La institucionalización atravesó su vida. “Fue muy dura y muy sufrida”, dice Virginia, mujer trans uruguaya. Pasó por un hogar de amparo, ya que fue expulsada de su hogar a los nueve años. Estuvo recluida en el Instituto Nacional de Inclusión Social Adolescente, cuando tenía otro nombre (ya no recuerda en qué año fue), y luego sobrevivió casi tres décadas en cárceles de adultos.

Sus varios tatuajes tienen que ver con la religión: una mãe, Lucifer, 666, un pentagrama y la frase “La muerte sobre el mundo” adornan su cuerpo. Tiene rasgos indígenas y la piel curtida. Tiene cortes que tapan otros cortes. Anhela volver a tener dientes.

A pesar de que pasó toda su vida en instituciones, no logró aprender a leer ni a escribir. Tampoco pasó nunca por la experiencia de tener un trabajo formal. Los abusos, otro denominador común de las trayectorias de las personas trans, fueron en su mayoría en el marco de esa institucionalización que la signó.

Las más vulneradas

Las personas trans son la población más vulnerada de Uruguay. Expulsadas de todo sistema, sus cuerpos y sus trayectorias atraviesan la discriminación día a día. Según el Censo Nacional de Personas Trans, realizado por el Ministerio de Desarrollo Social y la Universidad de la República, hay alrededor de 850 personas trans en Uruguay.

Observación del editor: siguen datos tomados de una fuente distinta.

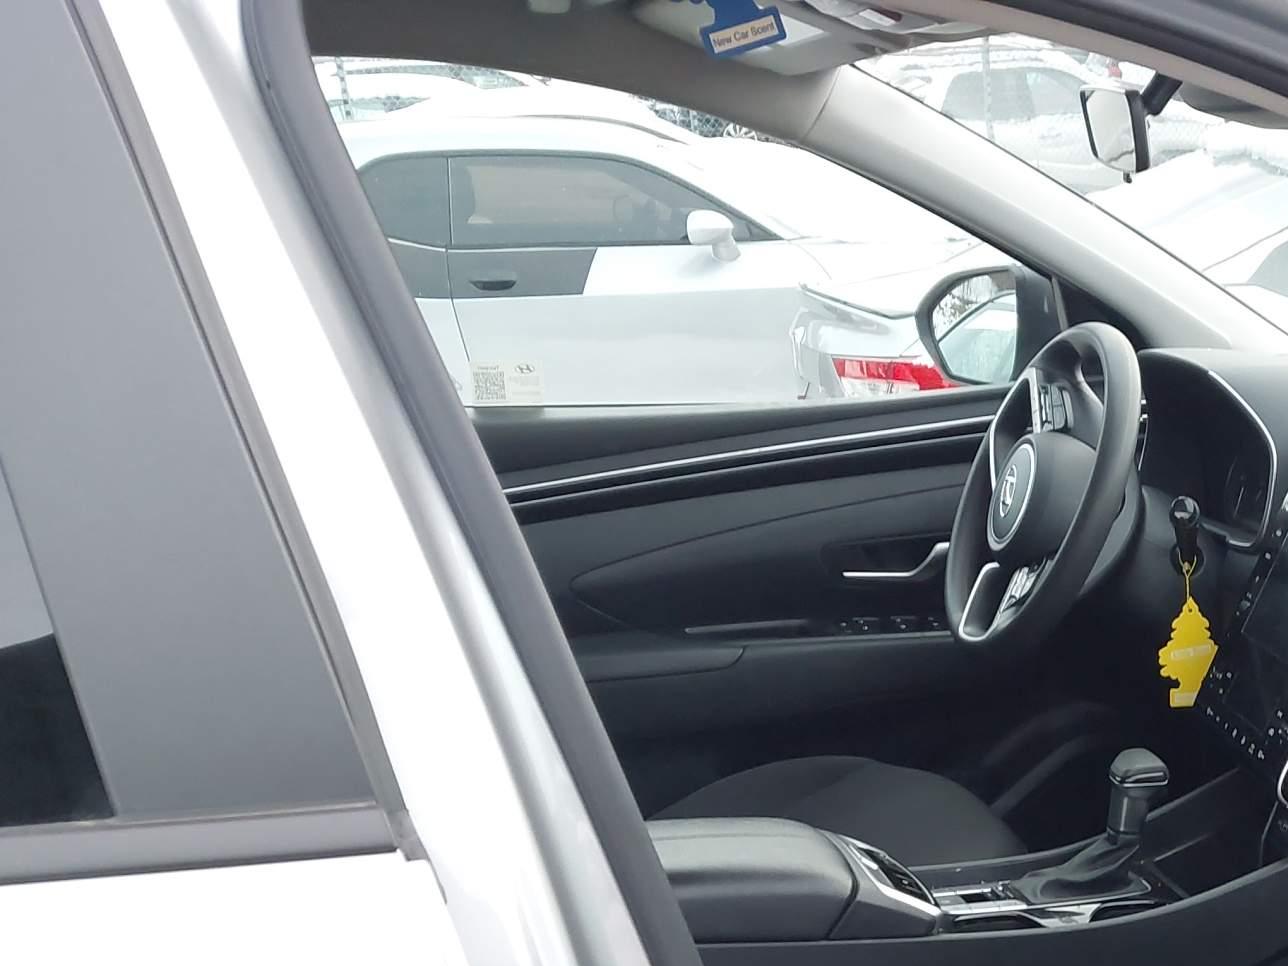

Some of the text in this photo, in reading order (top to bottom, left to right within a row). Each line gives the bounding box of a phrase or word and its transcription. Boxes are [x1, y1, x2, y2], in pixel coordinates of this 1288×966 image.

[713, 22, 776, 48] New Car Scent

A pesar de la desconexión con los sistemas formales, menos de 1% de estas personas están privadas de libertad. Las mujeres trans que están presas se encuentran en cárceles de varones, la mayoría en la Unidad 4 Santiago Vázquez. Desde allí, poco antes de salir en libertad, Virginia relata su historia.

Niñez

“Cuando era chica, mi madre y mi padre me exigían que durmiera en el cuarto con mis hermanas, porque no había espacio en el cuarto de los varones. Me crié con ellas. A los nueve años entré a ‘mariconear’: hacía lo que ellas hacían, jugaba con sus juegos y trataba de expresarme como ellas. Un día mi padre me vio depilándome las piernas. ‘Hijo maricón yo no quiero. Vos viniste al mundo para estar con una mujer y para procrear, así que ahora mismo agarras tu ropa y te vas de casa’. Lloré, agaché la cabeza y me tuve que ir de mi casa. Nunca más volví. Enfrenté lo que realmente siento sola e independiente de mi familia. Sobreviví como pude, haciendo de todo menos prostituyéndome. Dormí en la calle, pasé hambre y pasé frío. Al tiempo el Iname [Instituto Nacional del Menor, actual Instituto del Niño y Adolescente del Uruguay] me sacó de la calle porque no podía estar en esa situación”.

Educación

“Antes de que me echaran de mi casa iba a la escuela. Después nunca pude volver. No pude aprender a leer ni a escribir”.

El primer abuso

“Me llamo Virginia por mi madre. Mi tío me violó, muchas veces. Acá todas las chicas tienen una historia así. A raíz de eso me fui quedando sola. Me sentía mejor sola. Quería destacar lo que soy, quería exponerlo a la sociedad. Pero, por mostrar lo que era, la sociedad me discriminaba, las cosas no eran como son ahora”.

Adolescencia

“Tuve una adolescencia muy cruel. Me hizo ser fuerte. Me endureció el corazón, me hizo tener carácter. También me hizo tomar mucho alcohol. A veces pensaba en volver a mi casa, pero estaba segura de que me iban a correr. Al tiempo, una mãe me dio un lugar en su casa. Me cuidó y me dijo que ella iba a ser mi mamá. Me leía libros”.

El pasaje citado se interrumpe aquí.